Bazel is primarily a Java program. Bazel also has a bunch of C and C++ code integrated via JNI, which is used to reach certain system calls and libraries that are only available in C. For historical reasons, Java uses UTF-16 to represent strings but… most operating systems out there do not. As a consequence, every JNI call has to start with a conversion from UTF-16 into whatever the operating system may accept, which typically is Latin-1 or UTF-8. This is a costly, unavoidable step.
Fortunately, Java 9 introduced a new feature called compact strings. When this feature is enabled, the JVM represents strings as Latin-1 wherever possible: as long as the string’s characters can be represented with this encoding, UTF-16 doesn’t enter the picture. This is great because most strings that Bazel handles are file paths—it handles a lot of paths—and these can typically be represented in Latin-1. With this feature, we could modify the JNI shims to reuse the in-memory bytes as is, without a costly conversion in the common case.
But there is an unfortunate twist. The Latin-1 compact strings that the JVM creates are not NUL-terminated. This means that, even if the string bytes that Java hands to C are exactly as we need them in memory to call some other API, they are not directly usable.
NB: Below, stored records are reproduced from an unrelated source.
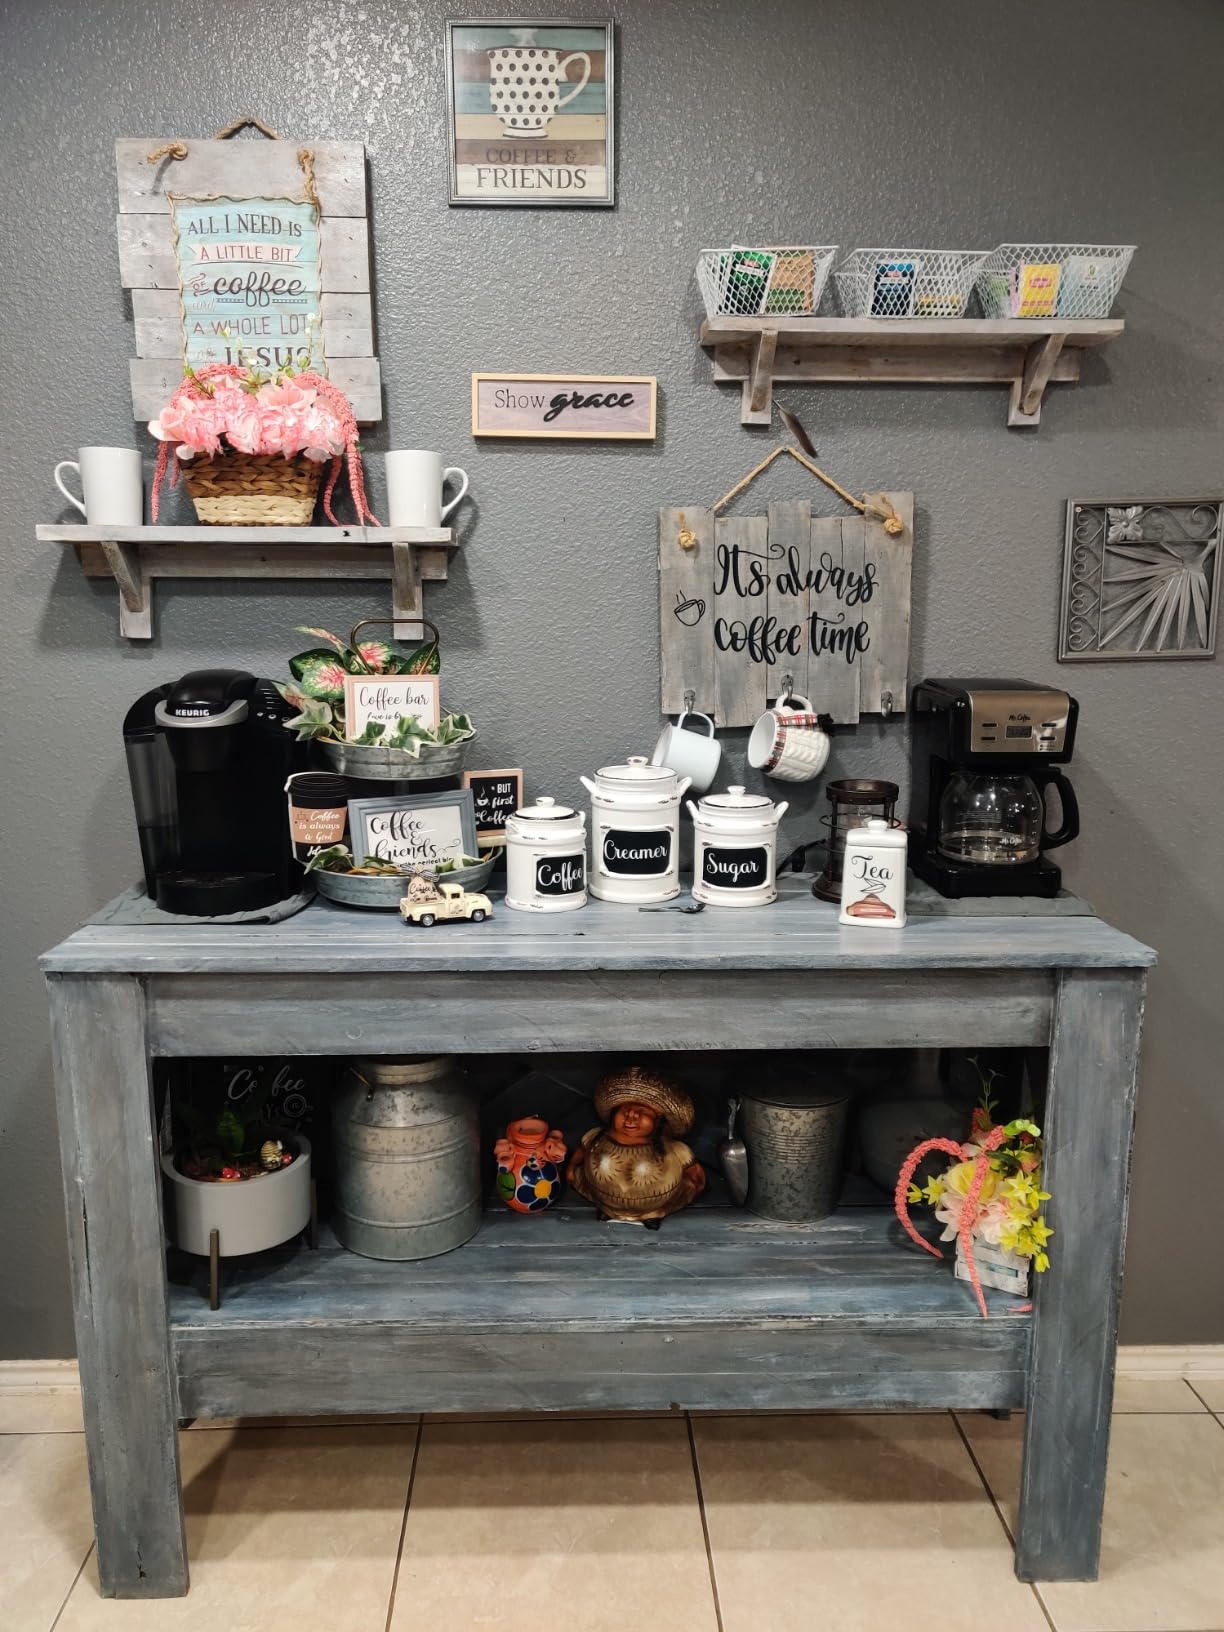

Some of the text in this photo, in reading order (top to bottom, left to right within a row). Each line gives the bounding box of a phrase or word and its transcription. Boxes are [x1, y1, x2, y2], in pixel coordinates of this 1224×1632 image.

[486, 150, 577, 164] COFFEE &
[476, 167, 587, 190] FRIENDS
[187, 214, 302, 237] ALL I NEED IS
[200, 245, 292, 261] A LITTLE BIT
[213, 271, 307, 307] coffee
[193, 313, 308, 336] A WHOLE LOT
[494, 389, 635, 423] Show grace
[776, 545, 879, 606] always
[806, 610, 871, 664] time
[359, 686, 430, 710] Coffee bar
[497, 782, 512, 793] BUT
[491, 794, 514, 809] first
[299, 822, 340, 830] is always
[310, 810, 341, 822] Coffee
[370, 811, 425, 841] Coffee
[410, 831, 422, 846] &
[604, 839, 668, 860] Creamer
[537, 861, 583, 891] Coffee
[706, 852, 759, 882] Sugar
[851, 855, 893, 880] Tea
As a result, the JNI code is forced to make a copy of the string just so that it can pad it with a NUL terminator.
Which is… sad and wasteful. As I mentioned, Bazel handles a ton of paths. Most of the memory bloat in the Bazel server process comes from the need to track file paths and command line arguments, and when you have many of these strings amounting to GBs of RAM, you can imagine that processing and copying them is costly too. I think I did measure a not-insignificant runtime penalty from these unnecessary copies back in the day, but I forget the details now.
So, be careful: it’s entirely reasonable to annotate string representations with their size, and you should do so where possible because of the performance gains that come with it. But when you do this, don’t forget to pad the strings with a NUL character for the cases where you need interop. You don’t want to be making unnecessary string copies just because of this, and you don’t know when you’ll need the interop.
C++’s std::string
, for example, uses a combination of a NUL terminator and a size length, which allows it to be efficient for manipulation but also allows passing the “raw bytes” to C interfaces. I suppose Go and Rust do the same (they don’t as I’ve been told). Strings are hard though and some languages do better than others in handling them.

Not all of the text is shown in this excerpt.